BY CHAYIM TAUBER
Tortorella’s four and a half year reign as head coach of the Rangers ended abruptly Wednesday, a mere four days after their Stanley Cup hopes were ended by the Boston Bruins.
The Rangers were thoroughly outplayed throughout the series, narrowly managing to avoid a sweep. In that series, their years-long inefficiency on offense (the power play in particular) was on full display. The poor offense/strong defense identity that Tortorella brought with him to New York yielded what Captain Ryan Callahan called “a disappointing season.”
Despite scorers the caliber of Marian Gaborik, Rick Nash, and Brad Richards, Tortorella’s Rangers ranked 10th in the Eastern Conference in goals per game during his regime and 13th in power play percentage over that same period.
When asked about a contract extension, Henrik Lundqvist, the chief victim of the Offense-less Rangers gave a frighteningly non-committal “we’ll see.” Lundqvist mirrored Callahan’s views of this past season, calling it “a step back.” In the seven playoff games Lundqvist conceded this postseason, the Rangers managed to score a measly eight goals of support. Tortorella also rode Lundqvist mercilessly, playing him in the last 26 games consecutively and in 35 of their last 36.
Perhaps the biggest strike against Tortorella in most people’s books is his treatment of Rangers prodigy Chris Kreider.
Kreider burst onto the scene in last season’s playoffs by scoring five goals and ingratiating himself to Rangers fans. He figured to be a central offensive figure for the Rangers this season but he could never quite gain Tortorella’s trust. He was demoted to fourth line duties, often found himself nailed to the bench (a consequence of being in Tortorella’s dog-house) and eventually, demoted to the AHL. It is unclear if Tortorella’s relationship with Kreider at all played a role in his dismissal.
Center Brad Richards, the player most inextricably linked to Tortorella going back to their Cup-winning Lightning days, is perfectly positioned to be amnestied by the Rangers this summer. Despite scratching him from the last two games of the Boston series, Tortorella gave an emphatic endorsement of Richards’ character and hockey ability from behind the podium.
Tortorella leaves as the second winningest coach in Rangers history and the winningest American-born coach in NHL history.
The three-time Jack Adams award finalist will perhaps best be remembered for his abrasive attitude and exchanges with the NY media.
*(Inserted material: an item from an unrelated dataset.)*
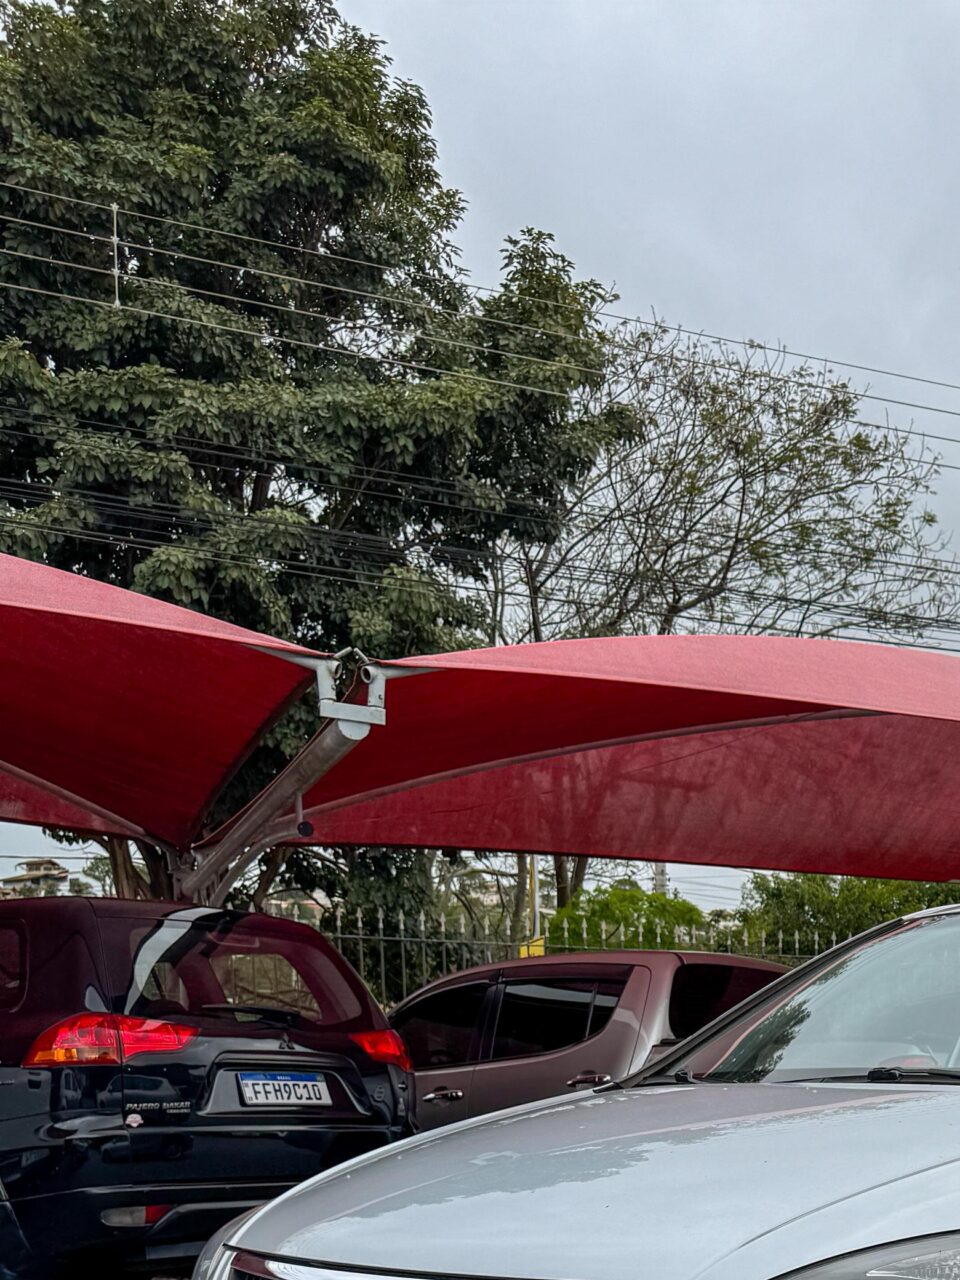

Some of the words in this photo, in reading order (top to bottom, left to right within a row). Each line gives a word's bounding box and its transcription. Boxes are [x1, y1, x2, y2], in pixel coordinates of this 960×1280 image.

[251, 1083, 322, 1101] FFH9C10
[126, 1102, 160, 1111] PAJERO
[162, 1101, 191, 1109] DAKAR
His press conferences ranged from the comically short (“I’m not answering any questions – we sucked.”) to near fist-fights (with Larry Brooks).
Though it’s pure speculation as to why he was fired, GM Glen Sather referenced “the shelf life” of a coach.
The Rangers have not begun the search for a replacement as of yet according to the team and how this latest development affects their offseason plans remains to be seen.